> _Saved data entries_

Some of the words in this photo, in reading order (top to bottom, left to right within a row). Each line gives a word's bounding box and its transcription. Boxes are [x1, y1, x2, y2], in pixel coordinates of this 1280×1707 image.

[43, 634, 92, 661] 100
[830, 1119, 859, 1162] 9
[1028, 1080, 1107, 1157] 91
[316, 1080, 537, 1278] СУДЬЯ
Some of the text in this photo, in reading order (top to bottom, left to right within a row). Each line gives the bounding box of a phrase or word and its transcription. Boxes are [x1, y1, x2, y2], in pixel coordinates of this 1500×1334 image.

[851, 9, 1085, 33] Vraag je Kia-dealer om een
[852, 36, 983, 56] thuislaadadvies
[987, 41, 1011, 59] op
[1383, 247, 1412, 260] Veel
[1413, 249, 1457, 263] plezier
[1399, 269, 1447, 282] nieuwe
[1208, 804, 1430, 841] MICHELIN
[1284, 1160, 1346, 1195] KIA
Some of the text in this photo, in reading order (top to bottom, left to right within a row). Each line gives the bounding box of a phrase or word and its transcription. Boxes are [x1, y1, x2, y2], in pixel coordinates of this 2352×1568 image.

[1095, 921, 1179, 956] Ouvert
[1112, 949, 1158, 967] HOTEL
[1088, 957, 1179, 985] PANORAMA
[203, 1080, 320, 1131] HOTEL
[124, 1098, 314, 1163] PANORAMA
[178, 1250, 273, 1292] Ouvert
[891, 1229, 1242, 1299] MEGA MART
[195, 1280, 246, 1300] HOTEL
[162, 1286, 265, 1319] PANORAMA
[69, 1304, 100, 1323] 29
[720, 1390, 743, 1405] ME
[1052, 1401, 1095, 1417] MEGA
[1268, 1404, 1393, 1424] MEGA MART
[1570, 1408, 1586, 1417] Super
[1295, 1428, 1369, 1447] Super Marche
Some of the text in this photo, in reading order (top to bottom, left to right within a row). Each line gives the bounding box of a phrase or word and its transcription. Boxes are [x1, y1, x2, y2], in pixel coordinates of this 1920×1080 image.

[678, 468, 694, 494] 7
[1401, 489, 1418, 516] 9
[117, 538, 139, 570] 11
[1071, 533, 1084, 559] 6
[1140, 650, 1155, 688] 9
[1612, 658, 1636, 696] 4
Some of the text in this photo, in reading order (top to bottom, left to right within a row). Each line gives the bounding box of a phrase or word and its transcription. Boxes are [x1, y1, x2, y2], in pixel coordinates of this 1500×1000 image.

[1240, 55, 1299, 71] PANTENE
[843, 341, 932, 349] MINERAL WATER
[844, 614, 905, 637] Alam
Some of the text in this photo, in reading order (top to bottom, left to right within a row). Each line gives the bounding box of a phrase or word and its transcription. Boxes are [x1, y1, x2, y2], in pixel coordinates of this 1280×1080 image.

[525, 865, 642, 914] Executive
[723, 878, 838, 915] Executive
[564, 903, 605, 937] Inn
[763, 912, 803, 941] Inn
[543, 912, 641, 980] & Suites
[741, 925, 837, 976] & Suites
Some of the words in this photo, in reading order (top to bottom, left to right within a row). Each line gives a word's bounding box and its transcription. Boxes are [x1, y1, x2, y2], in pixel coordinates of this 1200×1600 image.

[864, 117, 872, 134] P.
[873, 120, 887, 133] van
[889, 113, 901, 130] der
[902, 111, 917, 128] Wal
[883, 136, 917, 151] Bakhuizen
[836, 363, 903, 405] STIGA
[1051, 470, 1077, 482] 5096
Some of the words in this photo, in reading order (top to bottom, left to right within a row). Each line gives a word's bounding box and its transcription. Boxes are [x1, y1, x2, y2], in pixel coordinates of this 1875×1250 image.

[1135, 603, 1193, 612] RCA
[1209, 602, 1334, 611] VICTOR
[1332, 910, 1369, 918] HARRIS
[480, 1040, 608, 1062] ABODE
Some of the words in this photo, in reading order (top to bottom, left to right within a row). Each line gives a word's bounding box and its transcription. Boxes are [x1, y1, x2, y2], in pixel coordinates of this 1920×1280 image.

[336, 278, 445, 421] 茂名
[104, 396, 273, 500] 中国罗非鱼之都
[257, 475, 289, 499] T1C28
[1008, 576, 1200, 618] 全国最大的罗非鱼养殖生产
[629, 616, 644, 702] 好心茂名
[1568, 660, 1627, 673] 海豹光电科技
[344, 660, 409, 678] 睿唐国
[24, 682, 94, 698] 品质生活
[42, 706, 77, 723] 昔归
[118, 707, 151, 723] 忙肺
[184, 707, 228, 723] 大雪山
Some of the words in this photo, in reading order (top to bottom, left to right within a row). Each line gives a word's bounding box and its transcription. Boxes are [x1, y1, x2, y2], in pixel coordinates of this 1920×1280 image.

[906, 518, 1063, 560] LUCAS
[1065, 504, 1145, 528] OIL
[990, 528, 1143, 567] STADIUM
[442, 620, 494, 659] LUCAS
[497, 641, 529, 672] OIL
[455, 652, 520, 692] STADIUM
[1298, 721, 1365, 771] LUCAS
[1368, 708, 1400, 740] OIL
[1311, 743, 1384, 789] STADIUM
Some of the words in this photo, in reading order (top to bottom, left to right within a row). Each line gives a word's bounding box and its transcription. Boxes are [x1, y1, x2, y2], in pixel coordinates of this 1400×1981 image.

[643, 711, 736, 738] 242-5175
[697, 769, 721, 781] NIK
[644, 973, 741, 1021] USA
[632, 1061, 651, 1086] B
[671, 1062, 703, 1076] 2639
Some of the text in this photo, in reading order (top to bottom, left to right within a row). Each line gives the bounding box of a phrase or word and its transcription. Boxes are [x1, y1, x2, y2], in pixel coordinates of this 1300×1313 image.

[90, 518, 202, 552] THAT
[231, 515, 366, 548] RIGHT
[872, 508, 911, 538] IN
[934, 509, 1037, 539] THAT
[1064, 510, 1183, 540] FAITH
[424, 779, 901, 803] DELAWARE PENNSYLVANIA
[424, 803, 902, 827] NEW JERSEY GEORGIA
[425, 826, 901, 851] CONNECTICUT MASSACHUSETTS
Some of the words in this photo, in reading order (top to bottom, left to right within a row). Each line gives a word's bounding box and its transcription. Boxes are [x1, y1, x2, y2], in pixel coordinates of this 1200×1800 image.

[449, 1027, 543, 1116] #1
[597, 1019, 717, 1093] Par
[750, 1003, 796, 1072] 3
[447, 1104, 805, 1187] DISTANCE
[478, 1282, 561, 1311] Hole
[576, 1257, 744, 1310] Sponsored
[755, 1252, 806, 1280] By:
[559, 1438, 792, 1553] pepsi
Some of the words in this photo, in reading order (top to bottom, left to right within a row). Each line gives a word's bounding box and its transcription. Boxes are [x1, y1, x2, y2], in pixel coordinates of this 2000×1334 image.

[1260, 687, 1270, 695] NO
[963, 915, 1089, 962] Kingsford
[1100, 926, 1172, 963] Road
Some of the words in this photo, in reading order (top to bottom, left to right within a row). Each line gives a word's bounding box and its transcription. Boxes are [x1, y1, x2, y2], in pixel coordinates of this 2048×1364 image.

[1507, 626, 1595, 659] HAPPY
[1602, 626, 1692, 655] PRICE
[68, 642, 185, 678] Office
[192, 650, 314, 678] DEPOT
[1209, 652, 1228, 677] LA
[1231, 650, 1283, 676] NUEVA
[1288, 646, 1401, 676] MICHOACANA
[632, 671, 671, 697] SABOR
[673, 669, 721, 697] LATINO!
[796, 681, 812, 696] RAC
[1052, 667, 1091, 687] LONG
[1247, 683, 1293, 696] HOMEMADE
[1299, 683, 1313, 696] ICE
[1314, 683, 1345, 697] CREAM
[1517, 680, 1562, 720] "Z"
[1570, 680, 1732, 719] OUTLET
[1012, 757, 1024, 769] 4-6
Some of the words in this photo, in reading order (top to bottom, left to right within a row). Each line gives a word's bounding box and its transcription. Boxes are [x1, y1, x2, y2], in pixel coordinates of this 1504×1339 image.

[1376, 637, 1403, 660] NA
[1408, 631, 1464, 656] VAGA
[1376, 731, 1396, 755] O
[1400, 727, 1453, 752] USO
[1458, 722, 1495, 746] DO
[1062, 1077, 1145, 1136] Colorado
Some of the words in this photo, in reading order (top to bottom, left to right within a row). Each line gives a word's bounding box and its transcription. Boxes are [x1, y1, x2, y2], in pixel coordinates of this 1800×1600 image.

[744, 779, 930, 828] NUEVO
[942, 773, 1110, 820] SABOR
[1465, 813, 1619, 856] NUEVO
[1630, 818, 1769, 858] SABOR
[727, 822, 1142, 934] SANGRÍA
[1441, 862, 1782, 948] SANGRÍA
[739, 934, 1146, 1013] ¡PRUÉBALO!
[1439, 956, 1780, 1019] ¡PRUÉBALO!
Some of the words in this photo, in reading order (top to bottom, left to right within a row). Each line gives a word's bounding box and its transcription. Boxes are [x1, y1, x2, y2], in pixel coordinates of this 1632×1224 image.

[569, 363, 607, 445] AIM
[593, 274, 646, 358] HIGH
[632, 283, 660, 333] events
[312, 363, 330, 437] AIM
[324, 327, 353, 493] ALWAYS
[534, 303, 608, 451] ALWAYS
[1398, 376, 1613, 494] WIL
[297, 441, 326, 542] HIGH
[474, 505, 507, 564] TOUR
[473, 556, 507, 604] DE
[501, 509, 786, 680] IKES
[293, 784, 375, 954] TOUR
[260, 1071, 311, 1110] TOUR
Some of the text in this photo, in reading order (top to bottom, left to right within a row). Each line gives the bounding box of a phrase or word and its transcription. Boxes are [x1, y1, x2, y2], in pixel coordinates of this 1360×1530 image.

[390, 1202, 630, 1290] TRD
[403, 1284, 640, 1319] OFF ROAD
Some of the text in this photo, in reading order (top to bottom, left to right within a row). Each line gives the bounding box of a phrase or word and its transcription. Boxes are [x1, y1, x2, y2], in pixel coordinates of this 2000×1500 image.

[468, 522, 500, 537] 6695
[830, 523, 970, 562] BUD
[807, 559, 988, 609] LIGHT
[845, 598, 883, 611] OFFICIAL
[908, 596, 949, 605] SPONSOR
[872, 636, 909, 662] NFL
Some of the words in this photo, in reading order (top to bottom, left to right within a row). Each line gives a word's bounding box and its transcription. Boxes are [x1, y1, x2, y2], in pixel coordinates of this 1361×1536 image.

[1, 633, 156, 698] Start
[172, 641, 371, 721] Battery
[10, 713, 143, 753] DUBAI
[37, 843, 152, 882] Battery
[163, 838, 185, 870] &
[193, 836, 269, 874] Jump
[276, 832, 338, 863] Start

> _What is being asked_
Please return only the lines from the one that contains "this 1360×1530 image." through the final line of the entries, each exactly as written.

> _Answer to this task_
Some of the text in this photo, in reading order (top to bottom, left to right within a row). Each line gives the bounding box of a phrase or word and its transcription. Boxes are [x1, y1, x2, y2], in pixel coordinates of this 1360×1530 image.

[390, 1202, 630, 1290] TRD
[403, 1284, 640, 1319] OFF ROAD
Some of the text in this photo, in reading order (top to bottom, left to right within a row). Each line gives the bounding box of a phrase or word and its transcription. Boxes are [x1, y1, x2, y2], in pixel coordinates of this 2000×1500 image.

[468, 522, 500, 537] 6695
[830, 523, 970, 562] BUD
[807, 559, 988, 609] LIGHT
[845, 598, 883, 611] OFFICIAL
[908, 596, 949, 605] SPONSOR
[872, 636, 909, 662] NFL
Some of the words in this photo, in reading order (top to bottom, left to right within a row). Each line gives a word's bounding box and its transcription. Boxes are [x1, y1, x2, y2], in pixel coordinates of this 1361×1536 image.

[1, 633, 156, 698] Start
[172, 641, 371, 721] Battery
[10, 713, 143, 753] DUBAI
[37, 843, 152, 882] Battery
[163, 838, 185, 870] &
[193, 836, 269, 874] Jump
[276, 832, 338, 863] Start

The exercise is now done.